Problem statement »
Your copy should hold every record verbatim and none of the pictures.

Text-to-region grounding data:
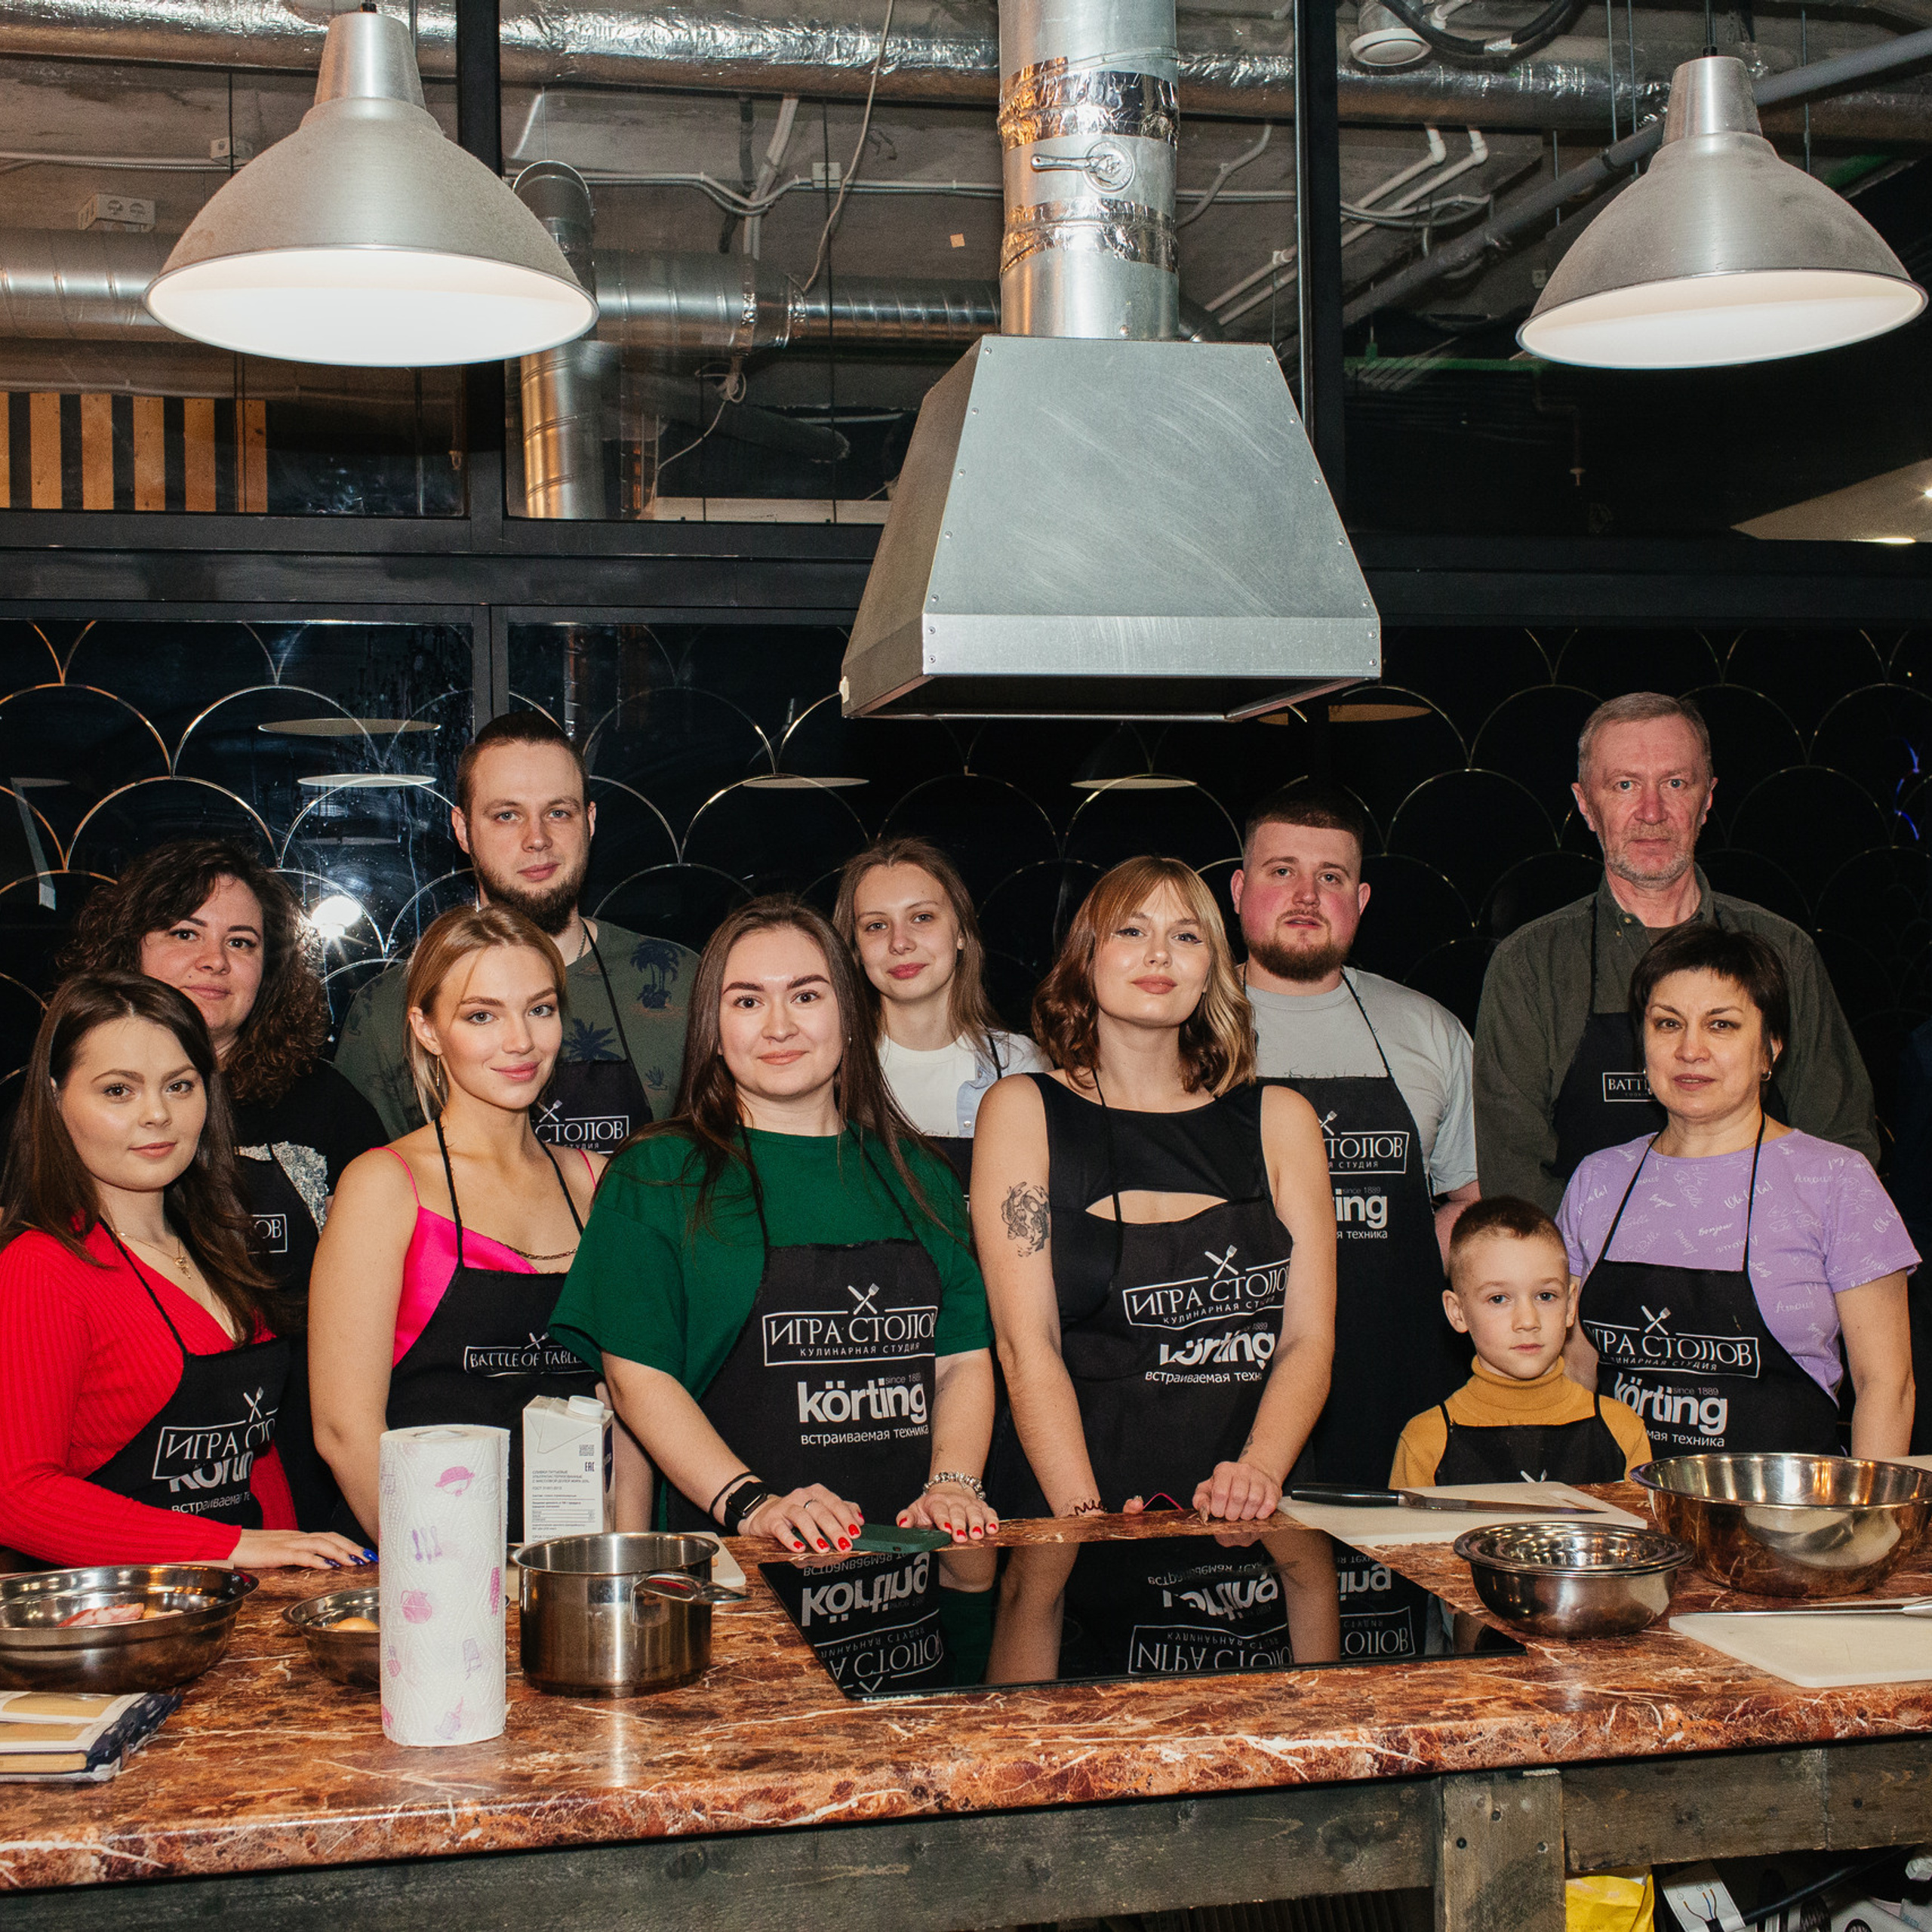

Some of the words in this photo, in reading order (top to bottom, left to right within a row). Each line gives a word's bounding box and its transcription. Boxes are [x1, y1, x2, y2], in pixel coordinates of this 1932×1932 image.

[1608, 1078, 1648, 1091] BATT
[535, 1121, 624, 1143] СТОЛОВ
[1324, 1137, 1403, 1159] ТОЛОВ
[1339, 1161, 1379, 1169] СТУДИЯ
[1347, 1230, 1388, 1239] техника
[1131, 1286, 1203, 1316] ИГРА
[1209, 1266, 1290, 1302] СТОЛО
[1163, 1302, 1239, 1324] КУЛИНАРНАЯ
[769, 1318, 844, 1346] ИГРА
[800, 1345, 877, 1357] КУЛИНАРНАЯ
[881, 1342, 920, 1354] СТУДИЯ
[1641, 1334, 1752, 1367] СТОЛОВ
[469, 1353, 519, 1367] BATTLE
[521, 1352, 540, 1367] OF
[1672, 1359, 1718, 1371] СТУДИЯ
[1144, 1371, 1231, 1386] встраиваемая
[797, 1377, 928, 1424] körting
[1672, 1386, 1695, 1395] since
[1697, 1386, 1720, 1396] 1889
[801, 1429, 891, 1447] встраиваемая
[893, 1423, 930, 1439] техника
[1672, 1432, 1726, 1448] техника
[165, 1431, 239, 1460] ИГРА

Task answer »
Some of the words in this photo, in reading order (top to bottom, left to right within a row). Each line gives a word's bounding box and its transcription. Boxes are [x1, y1, x2, y2], in pixel coordinates of this 1932×1932 image.

[1608, 1078, 1648, 1091] BATT
[535, 1121, 624, 1143] СТОЛОВ
[1324, 1137, 1403, 1159] ТОЛОВ
[1339, 1161, 1379, 1169] СТУДИЯ
[1347, 1230, 1388, 1239] техника
[1131, 1286, 1203, 1316] ИГРА
[1209, 1266, 1290, 1302] СТОЛО
[1163, 1302, 1239, 1324] КУЛИНАРНАЯ
[769, 1318, 844, 1346] ИГРА
[800, 1345, 877, 1357] КУЛИНАРНАЯ
[881, 1342, 920, 1354] СТУДИЯ
[1641, 1334, 1752, 1367] СТОЛОВ
[469, 1353, 519, 1367] BATTLE
[521, 1352, 540, 1367] OF
[1672, 1359, 1718, 1371] СТУДИЯ
[1144, 1371, 1231, 1386] встраиваемая
[797, 1377, 928, 1424] körting
[1672, 1386, 1695, 1395] since
[1697, 1386, 1720, 1396] 1889
[801, 1429, 891, 1447] встраиваемая
[893, 1423, 930, 1439] техника
[1672, 1432, 1726, 1448] техника
[165, 1431, 239, 1460] ИГРА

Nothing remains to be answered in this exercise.